Data items:

☆ ☆ ☆

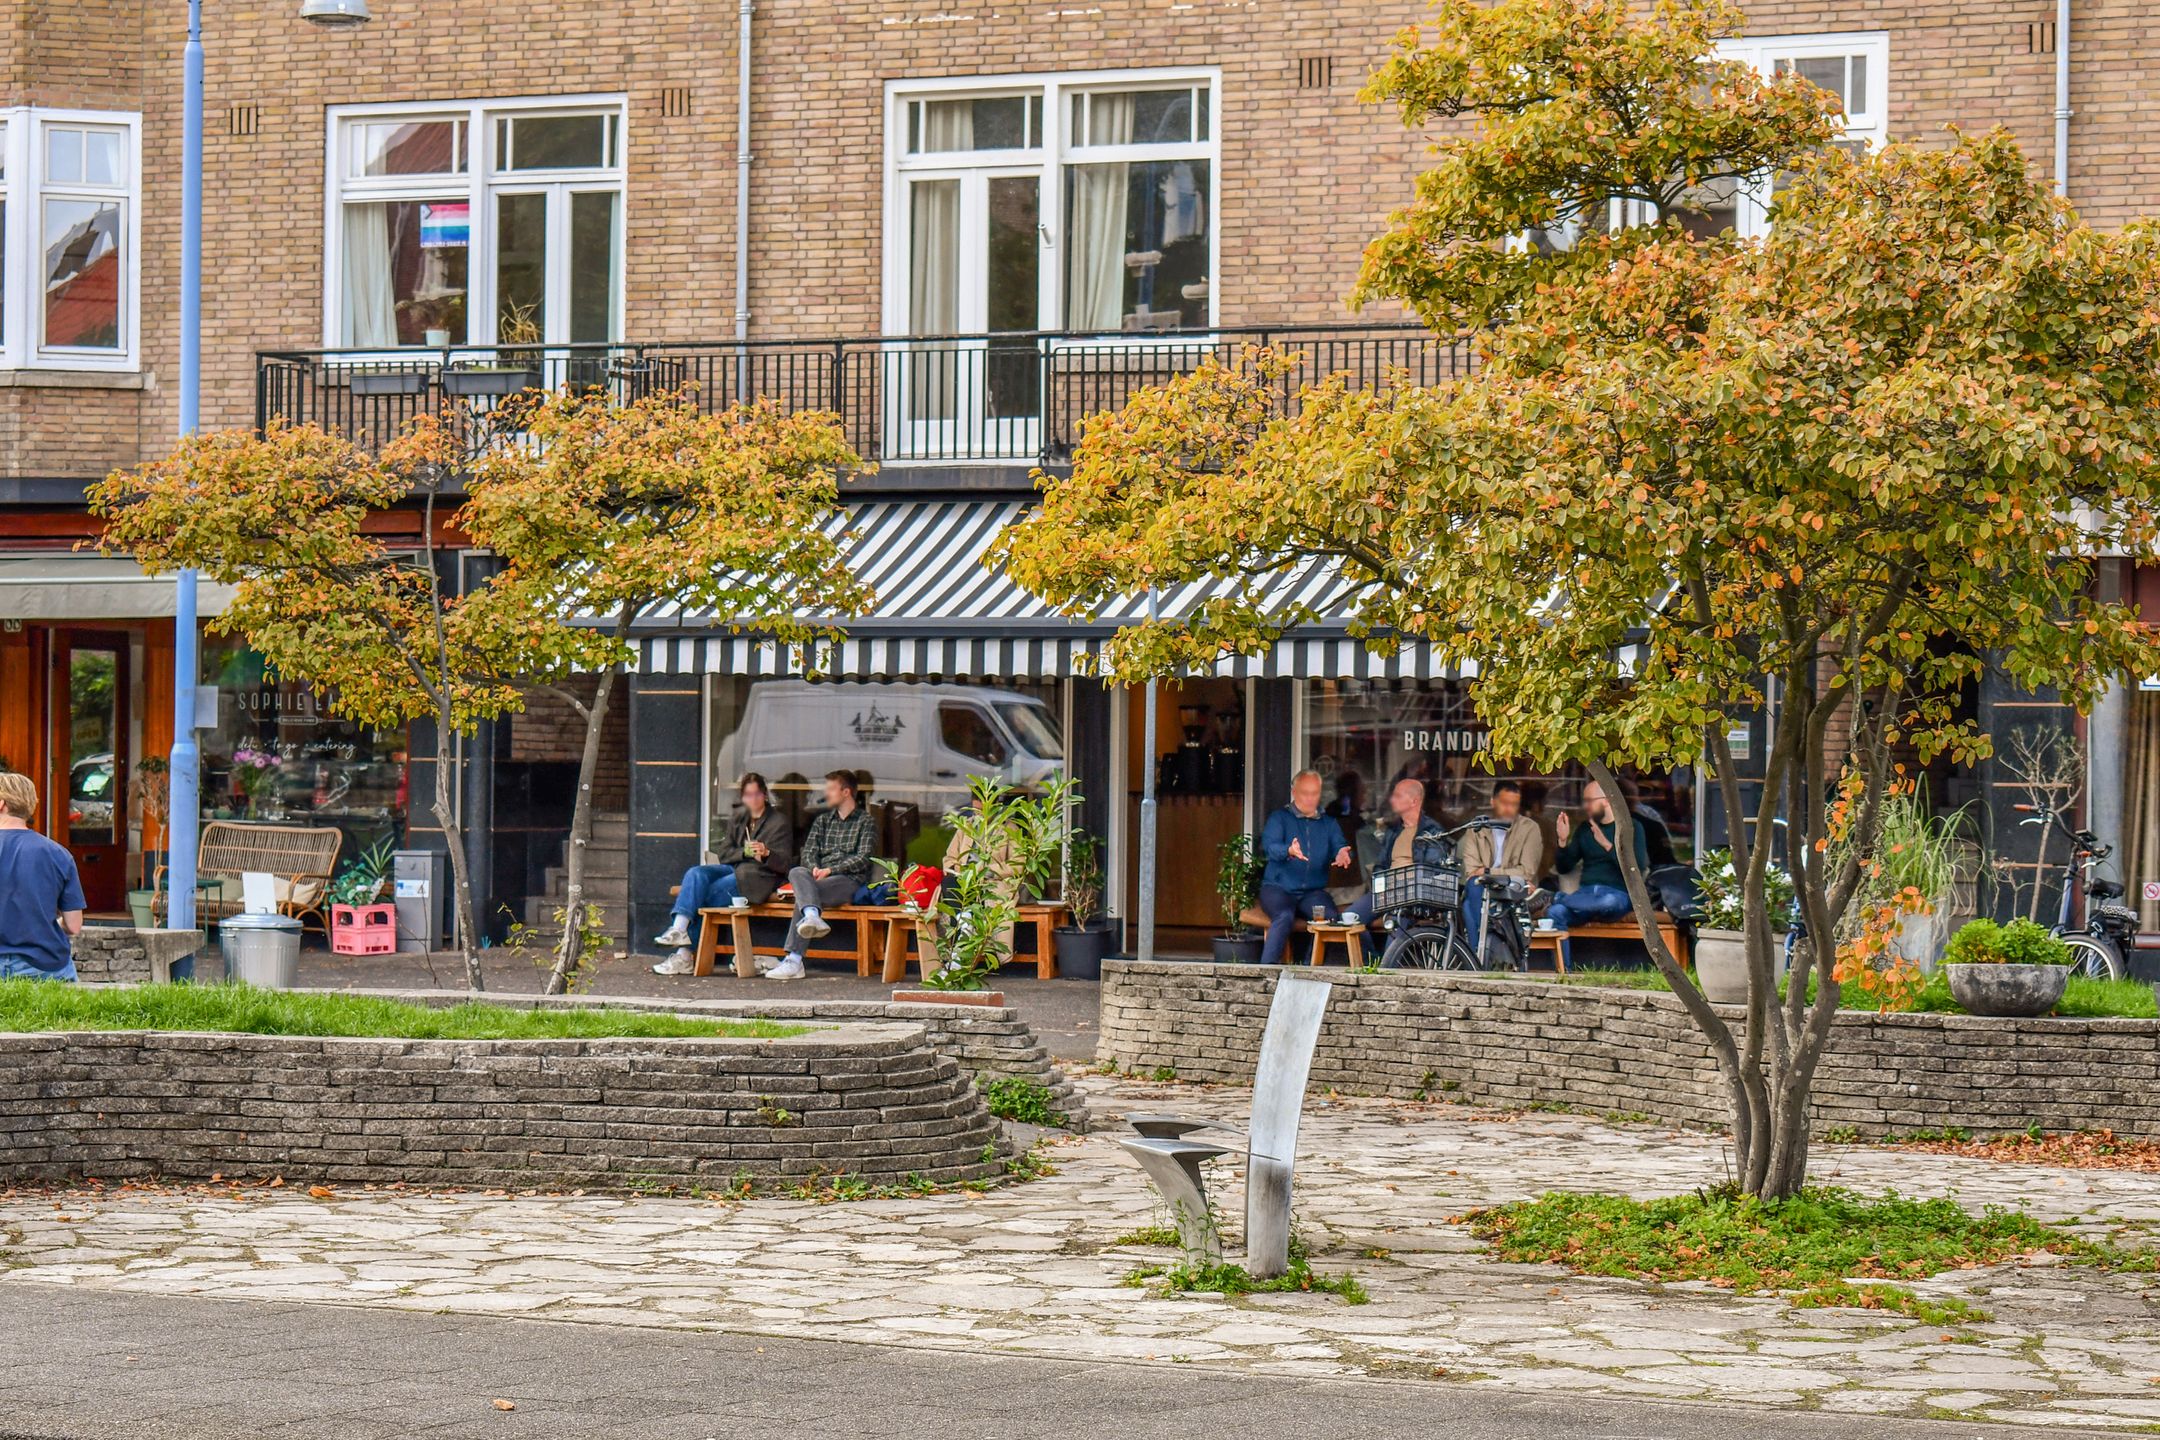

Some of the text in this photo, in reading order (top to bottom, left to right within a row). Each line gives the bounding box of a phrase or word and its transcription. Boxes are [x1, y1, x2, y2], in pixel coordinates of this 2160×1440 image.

[239, 692, 305, 711] SOPHIE
[284, 743, 299, 759] go
[313, 737, 357, 760] catering
[1404, 730, 1491, 751] BRANDM
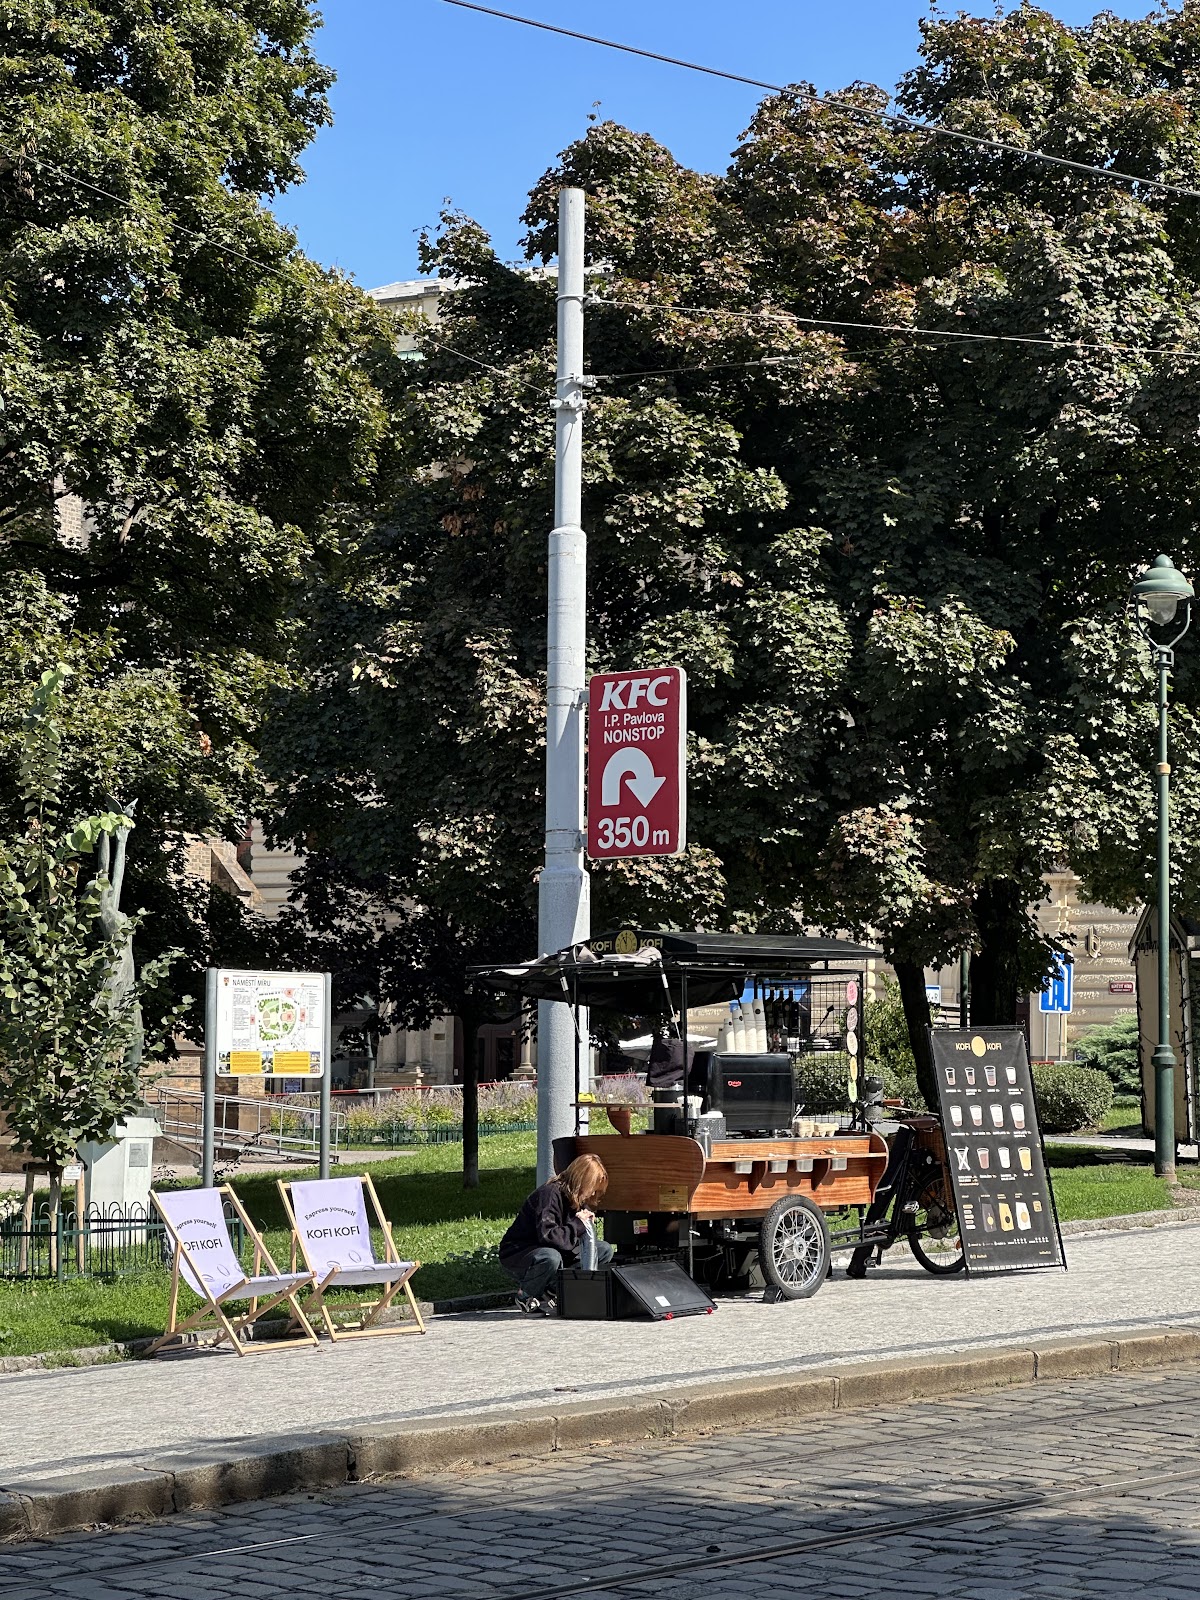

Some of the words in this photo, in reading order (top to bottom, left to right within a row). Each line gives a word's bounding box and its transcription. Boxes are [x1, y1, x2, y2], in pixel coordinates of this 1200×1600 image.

[598, 675, 671, 711] KFC
[604, 714, 620, 728] I.P.
[623, 711, 665, 726] Pavlova
[603, 725, 665, 744] NONSTOP
[597, 815, 650, 849] 350
[652, 828, 670, 846] m
[589, 940, 613, 952] KOFI
[640, 938, 663, 949] KOFI
[955, 1042, 971, 1051] KOFI
[986, 1042, 1002, 1051] KOFI
[329, 1206, 356, 1217] yourself
[176, 1219, 193, 1231] spress
[193, 1218, 217, 1229] yourself
[306, 1228, 333, 1239] KOFI
[333, 1225, 361, 1237] KOFI
[183, 1240, 200, 1251] OFI
[199, 1238, 223, 1250] KOFI

☆ ☆ ☆

- PROBLEM DESCRIPTION
Retype the records exactly, but skip the pictures.

- ANSWER SPACE
Some of the text in this photo, in reading order (top to bottom, left to right within a row). Each line gives the bounding box of a phrase or word and its transcription. Boxes are [x1, y1, x2, y2], in pixel coordinates of this 2160×1440 image.

[239, 692, 305, 711] SOPHIE
[284, 743, 299, 759] go
[313, 737, 357, 760] catering
[1404, 730, 1491, 751] BRANDM

Some of the words in this photo, in reading order (top to bottom, left to right within a row). Each line gives a word's bounding box and its transcription. Boxes are [x1, y1, x2, y2], in pixel coordinates of this 1200×1600 image.

[598, 675, 671, 711] KFC
[604, 714, 620, 728] I.P.
[623, 711, 665, 726] Pavlova
[603, 725, 665, 744] NONSTOP
[597, 815, 650, 849] 350
[652, 828, 670, 846] m
[589, 940, 613, 952] KOFI
[640, 938, 663, 949] KOFI
[955, 1042, 971, 1051] KOFI
[986, 1042, 1002, 1051] KOFI
[329, 1206, 356, 1217] yourself
[176, 1219, 193, 1231] spress
[193, 1218, 217, 1229] yourself
[306, 1228, 333, 1239] KOFI
[333, 1225, 361, 1237] KOFI
[183, 1240, 200, 1251] OFI
[199, 1238, 223, 1250] KOFI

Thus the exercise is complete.